Kudu支持单行事务,但不支持多行事务(Kudu中对多行操作不满足ACID原则中的原子性),也不支持事务回滚,这点与HBase是相同的。


前面已经提到过,Kudu采用与关系数据库类似的多版本并发控制(MVCC)机制来实现事务隔离,通过为数据添加时间戳的方式实现。该时间戳不能在写入时由用户添加,但可以在执行读取(Scan)操作时指定,这样就可以读取到历史数据(UndoFile中的数据)。Kudu提供两种读模式:read-latest和read-at-snapshot,分别对应读取当前的快照以及按时间戳读取历史快照。


对于写操作而言,Kudu也提供了两种一致性模型:快照一致性(snapshot consistency)和外部一致性(external consistency)。下面来分析一下它们。


快照一致性比较简单,只保证当前执行写操作的客户端能看到自己提交的最新数据,而不保障跨客户端的可见性。它是Kudu默认的一致性模型,一般情况下都够用。但是特殊情况也同样存在:考虑用Kudu作为点击流数仓的情景,客户端A在某时刻写入了点击事件x,客户端B紧随其后写入事件y,并且这两个事件之间具有关联性。要想让所有客户端都能达到外部一致性(及时取到最新数据),必须手动将写操作完成后产生的时间戳传播(propagate)到其他客户端上,这种方式在Kudu中叫client-propagated。


很显然,client-propagated方案需要频繁地交换时间戳,其overhead比较高,所以Kudu也借鉴了Google Spanner的思路,实现了commit-wait一致性。

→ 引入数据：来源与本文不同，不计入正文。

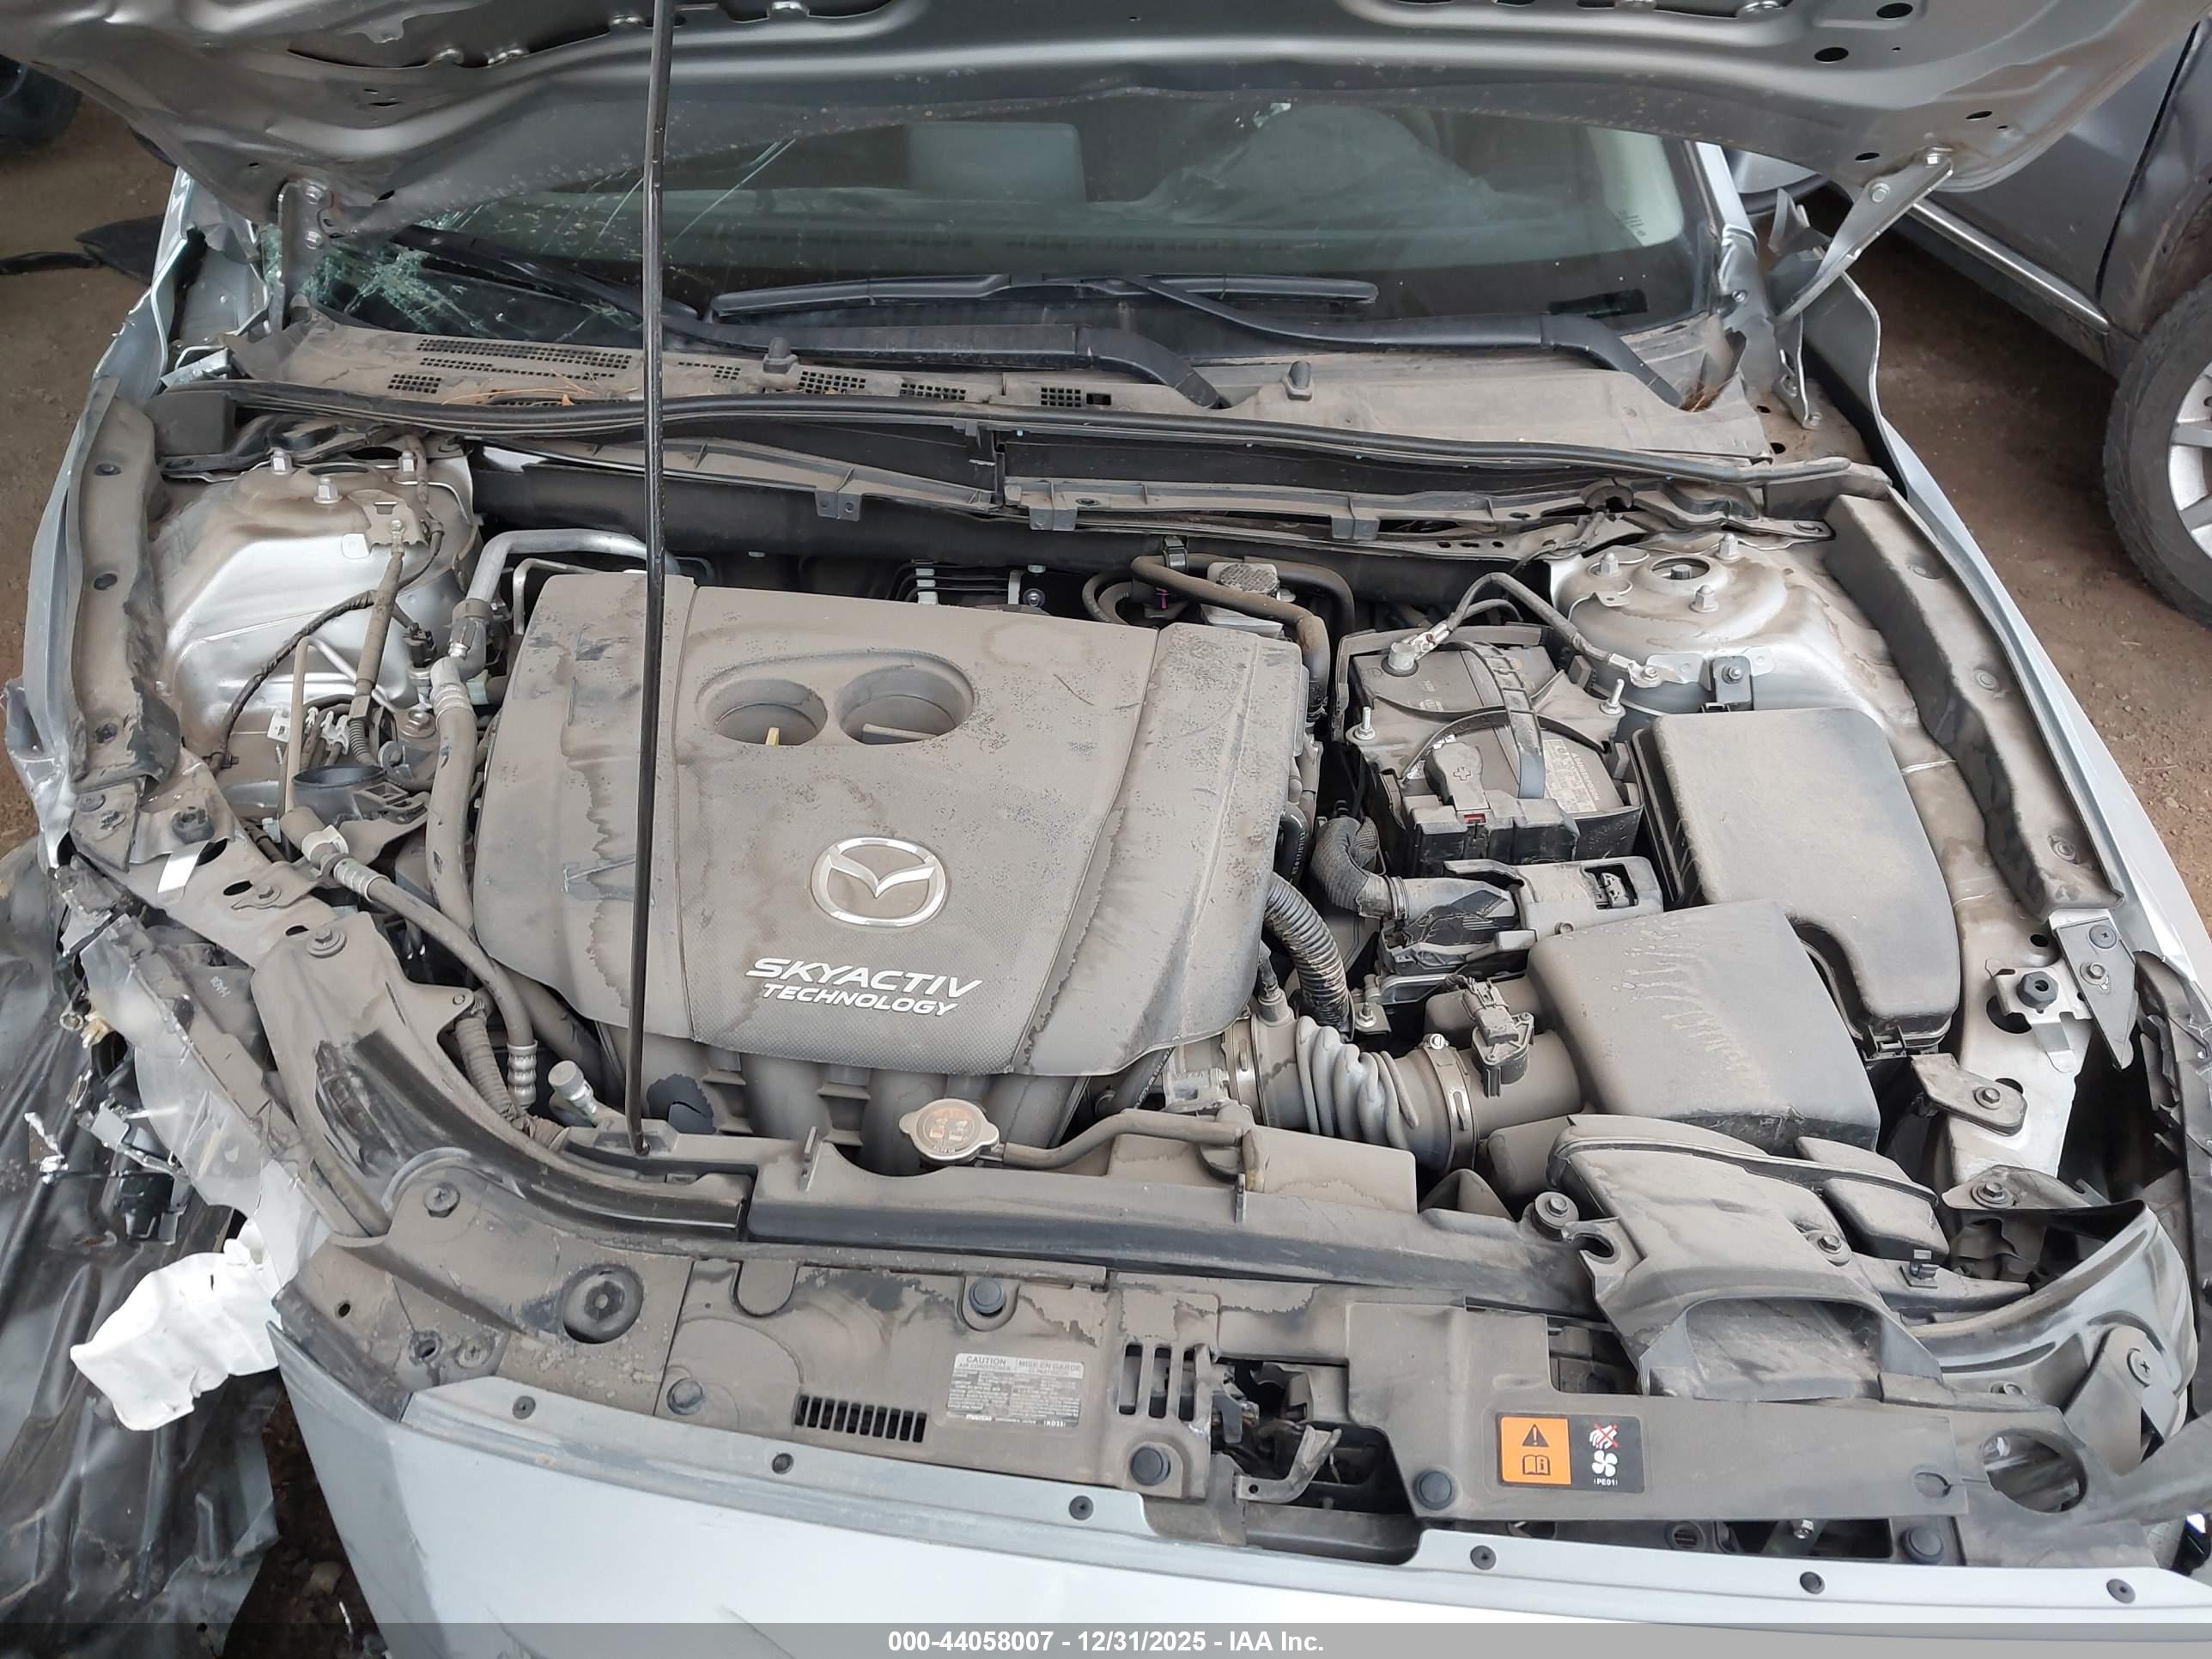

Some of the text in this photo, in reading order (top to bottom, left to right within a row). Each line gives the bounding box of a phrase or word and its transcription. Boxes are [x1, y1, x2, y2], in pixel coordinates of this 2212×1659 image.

我们已经可以发现,保证外部一致性的重点在于事务的版本号(时间戳)必须足够准,并且每台服务器的时间都要保持精确的同步。Google Spanner提出的时间同步方案叫做TrueTime,需要原子钟等硬件的支持,可以将对时间的认知误差控制在±4ms之内。但Kudu集群都是建立在普通商用服务器上的,所以只能靠NTP和算法近似实现,该算法名为HybridTime,不详细展开了,看官可以参考论文《Technical Report: HybridTime - Accessible Global Consistency with High Clock Uncertainty》。


下图粗浅地示出commit-wait机制的原理。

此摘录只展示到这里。